Assignment: Because the entries hold pictures, reproduce only their words, exactly as written.

>>>>

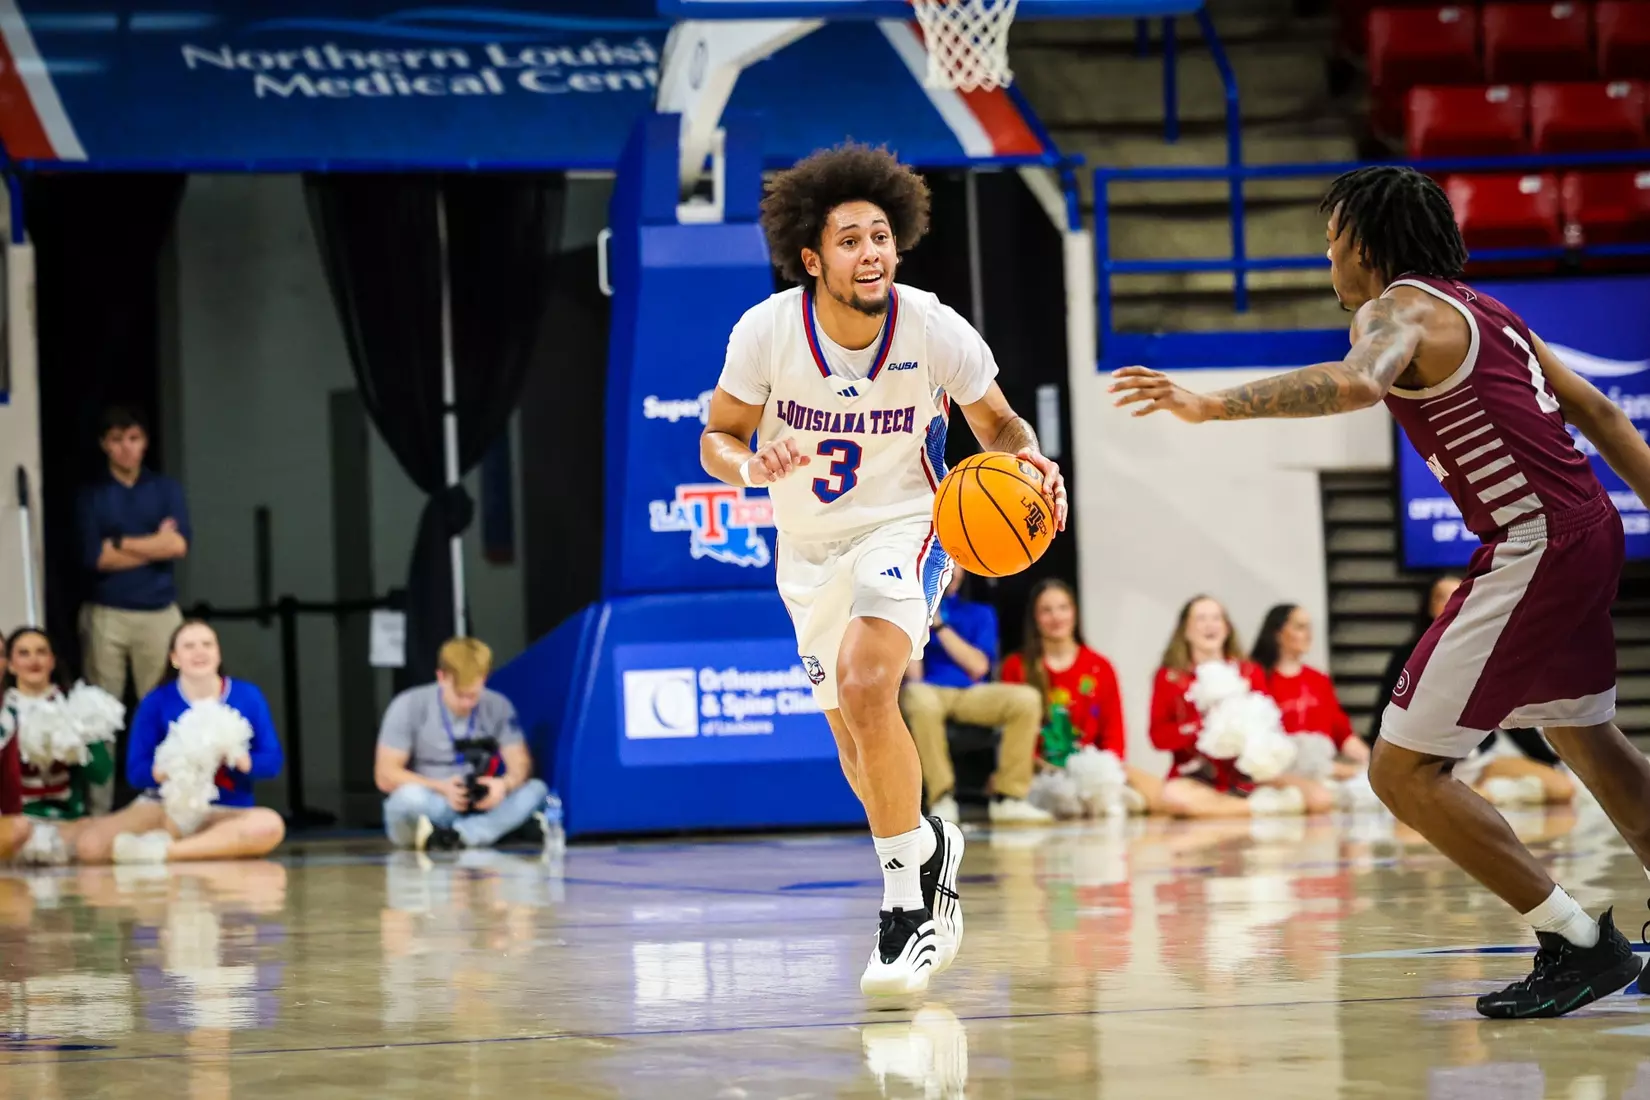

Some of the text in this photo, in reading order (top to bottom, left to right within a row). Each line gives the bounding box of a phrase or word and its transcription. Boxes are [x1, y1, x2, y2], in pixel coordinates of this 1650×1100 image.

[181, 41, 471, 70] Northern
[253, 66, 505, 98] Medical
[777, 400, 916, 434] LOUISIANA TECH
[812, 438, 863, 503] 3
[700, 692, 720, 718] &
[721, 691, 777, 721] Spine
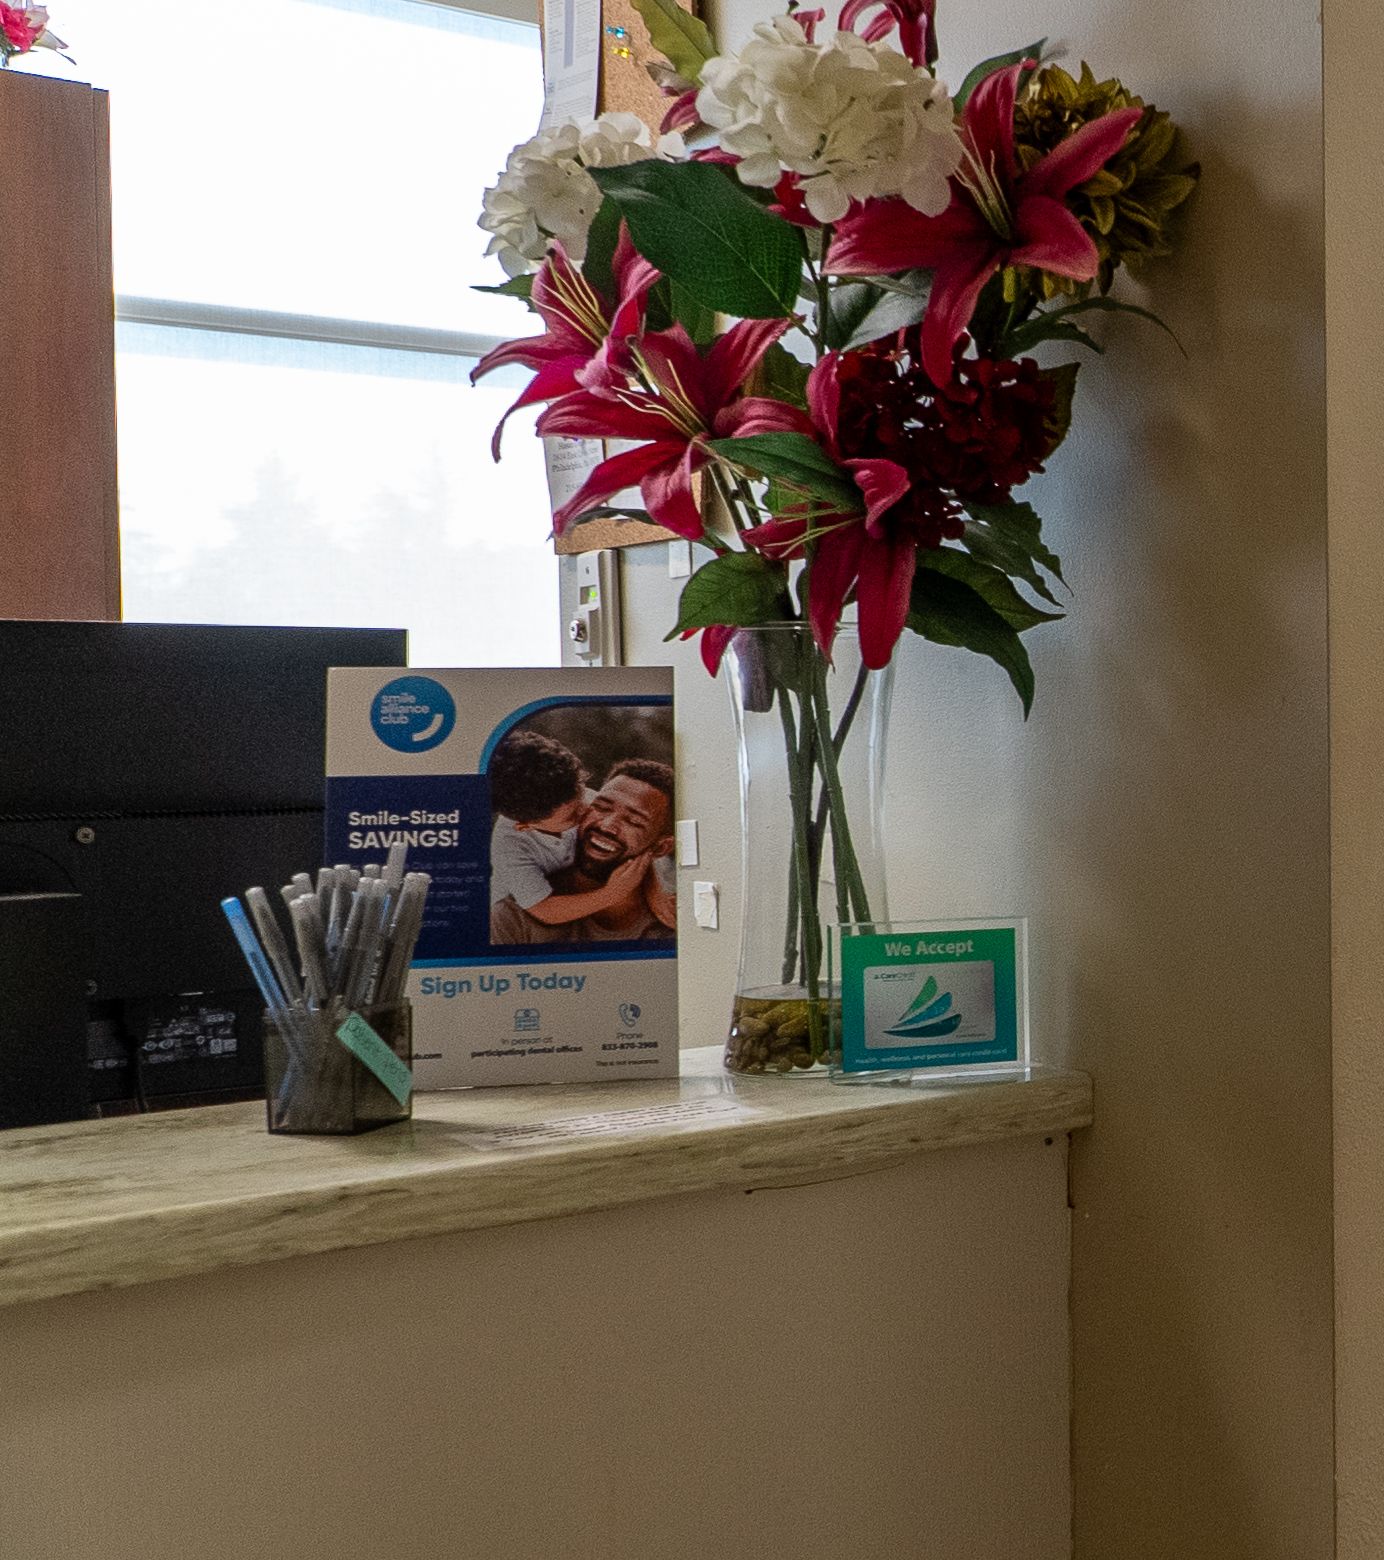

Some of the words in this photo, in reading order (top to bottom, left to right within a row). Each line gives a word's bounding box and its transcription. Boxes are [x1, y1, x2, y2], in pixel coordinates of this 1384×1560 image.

<<<<

Result:
Some of the text in this photo, in reading order (top to bottom, left to right within a row). Each line gives the bounding box of a phrase or word and its transcription. Boxes are [x1, y1, x2, y2], in pixel coordinates of this 1650×1100 image.

[181, 41, 471, 70] Northern
[253, 66, 505, 98] Medical
[777, 400, 916, 434] LOUISIANA TECH
[812, 438, 863, 503] 3
[700, 692, 720, 718] &
[721, 691, 777, 721] Spine

Some of the words in this photo, in reading order (top to bottom, left to right within a row). Each line gives a word's bounding box and its transcription. Boxes are [x1, y1, x2, y2], in pixel coordinates of this 1384×1560 image.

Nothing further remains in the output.